___ Data for this exercise
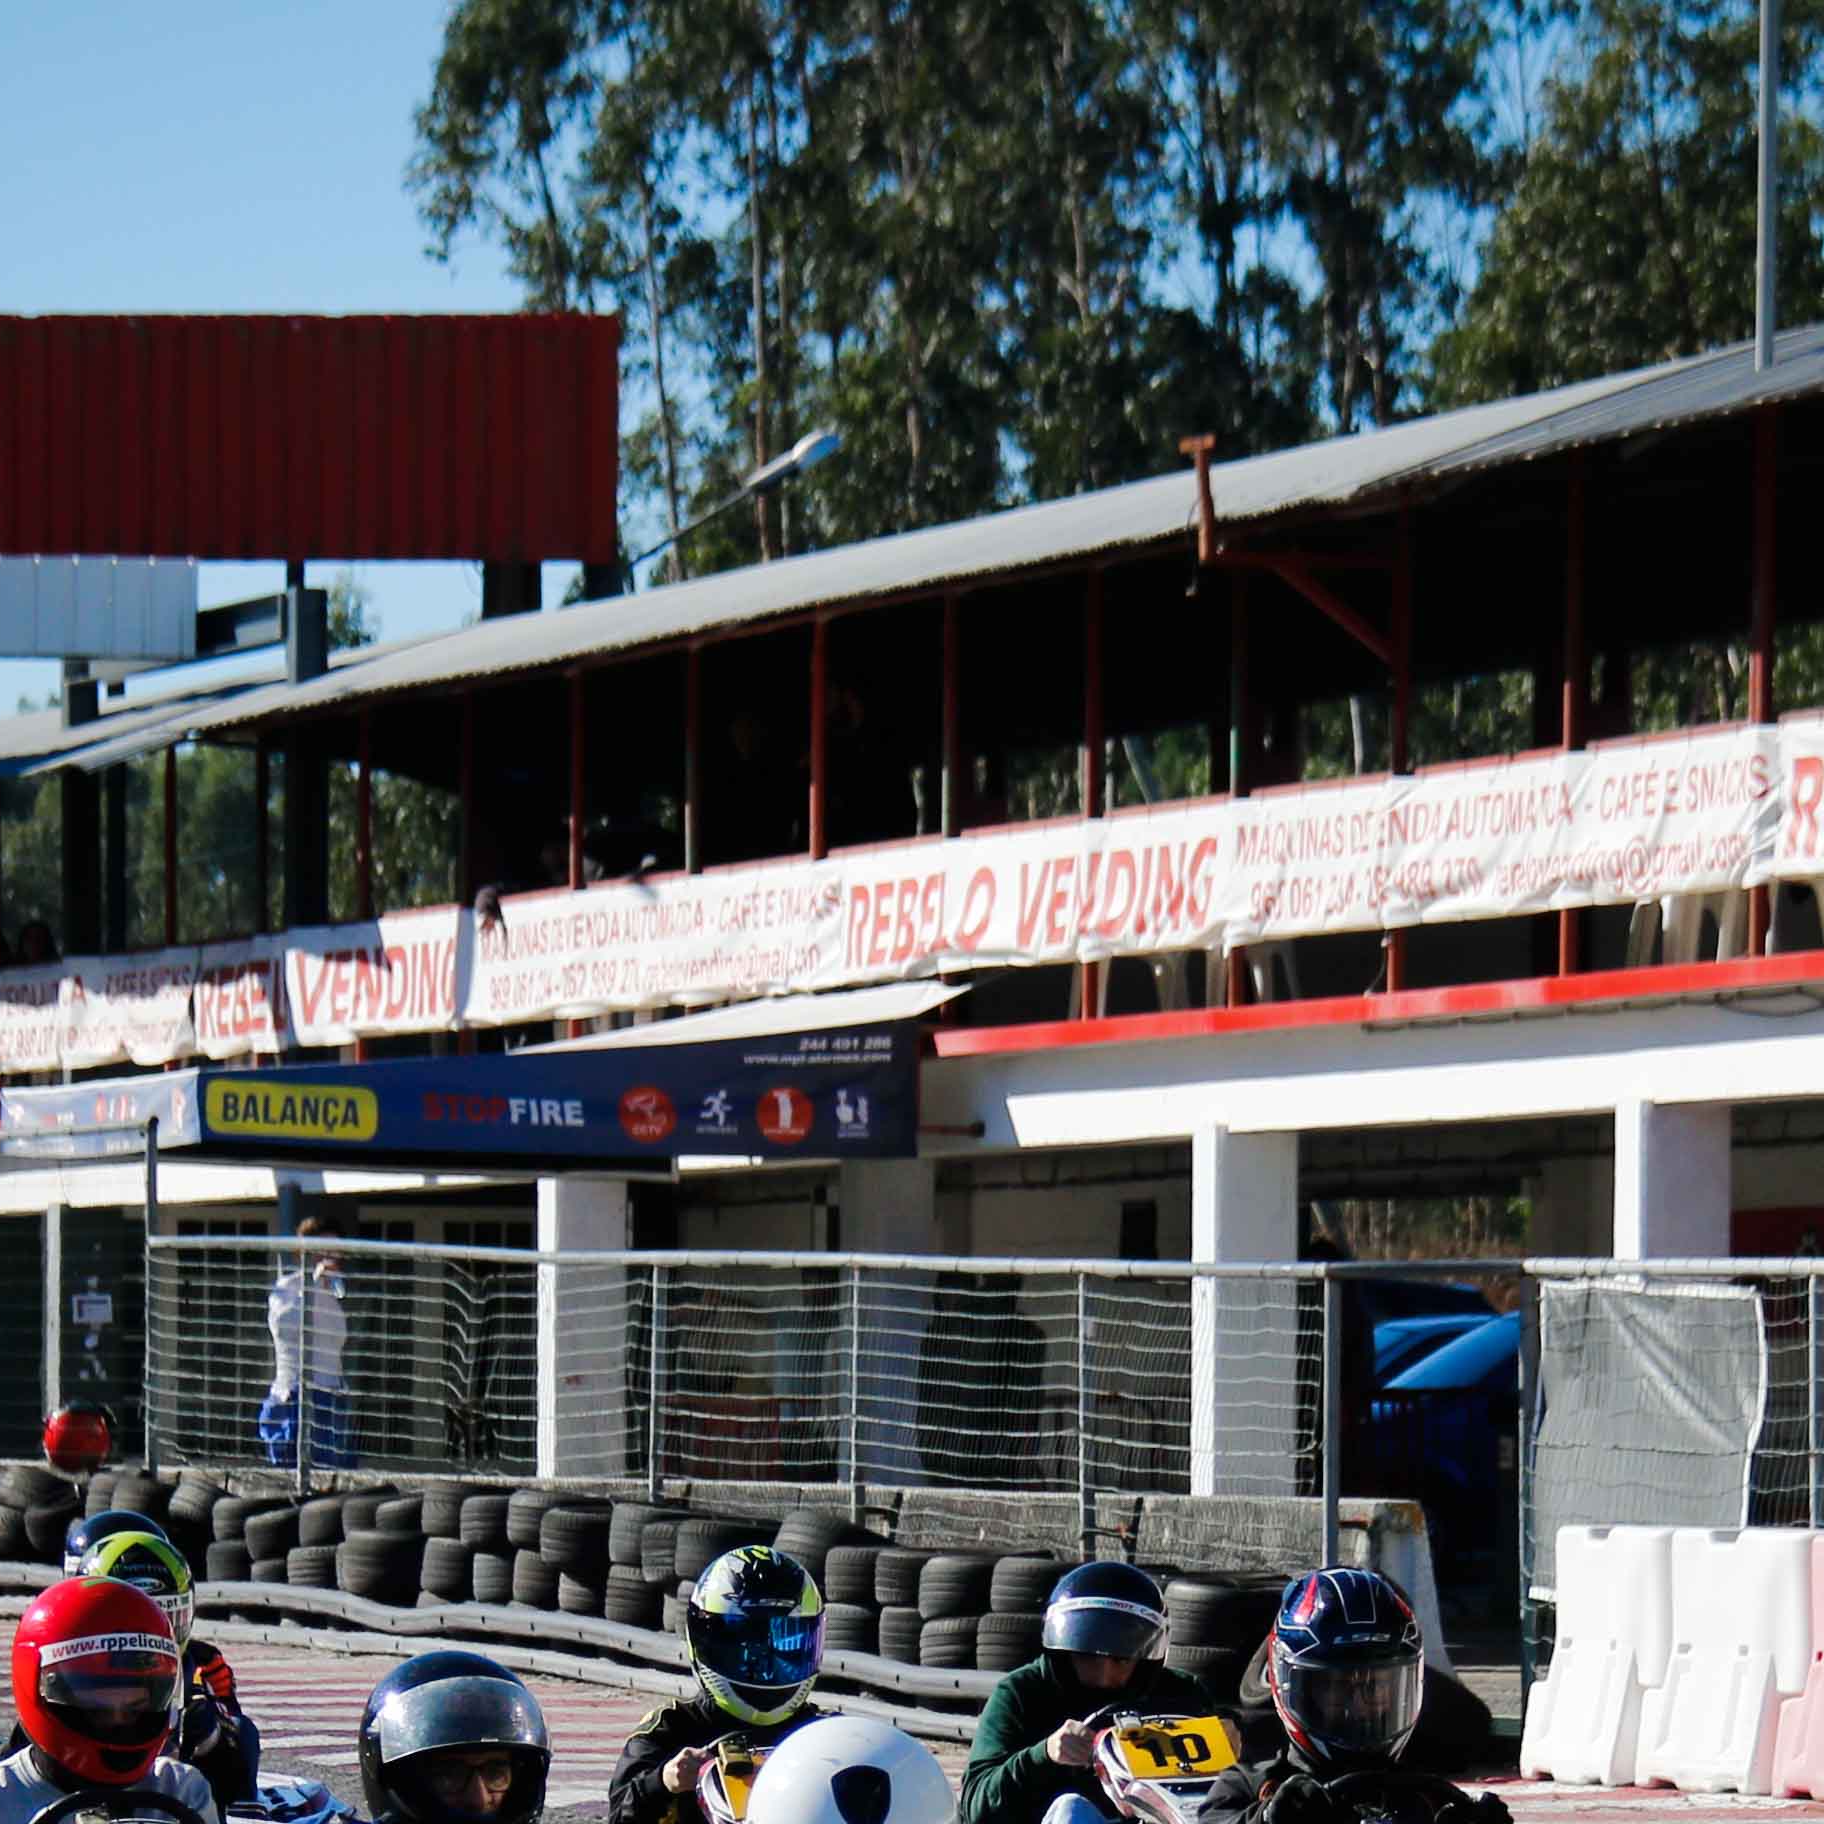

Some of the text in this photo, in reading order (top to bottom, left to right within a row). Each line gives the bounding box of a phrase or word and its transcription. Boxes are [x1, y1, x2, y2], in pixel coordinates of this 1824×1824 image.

[1599, 760, 1659, 822] CAFÉ
[1687, 754, 1771, 813] SNACKS
[843, 837, 1218, 970] REBELO VENDING
[221, 1091, 360, 1133] BALANÇA
[1133, 1732, 1212, 1768] 10
______
• [Task details] All of the records should be output exactly as they stand, with pictures omitted.

• [Answer area]
Some of the text in this photo, in reading order (top to bottom, left to right within a row). Each line gives the bounding box of a phrase or word and its transcription. Boxes are [x1, y1, x2, y2], in pixel coordinates of this 1824×1824 image.

[1599, 760, 1659, 822] CAFÉ
[1687, 754, 1771, 813] SNACKS
[843, 837, 1218, 970] REBELO VENDING
[221, 1091, 360, 1133] BALANÇA
[1133, 1732, 1212, 1768] 10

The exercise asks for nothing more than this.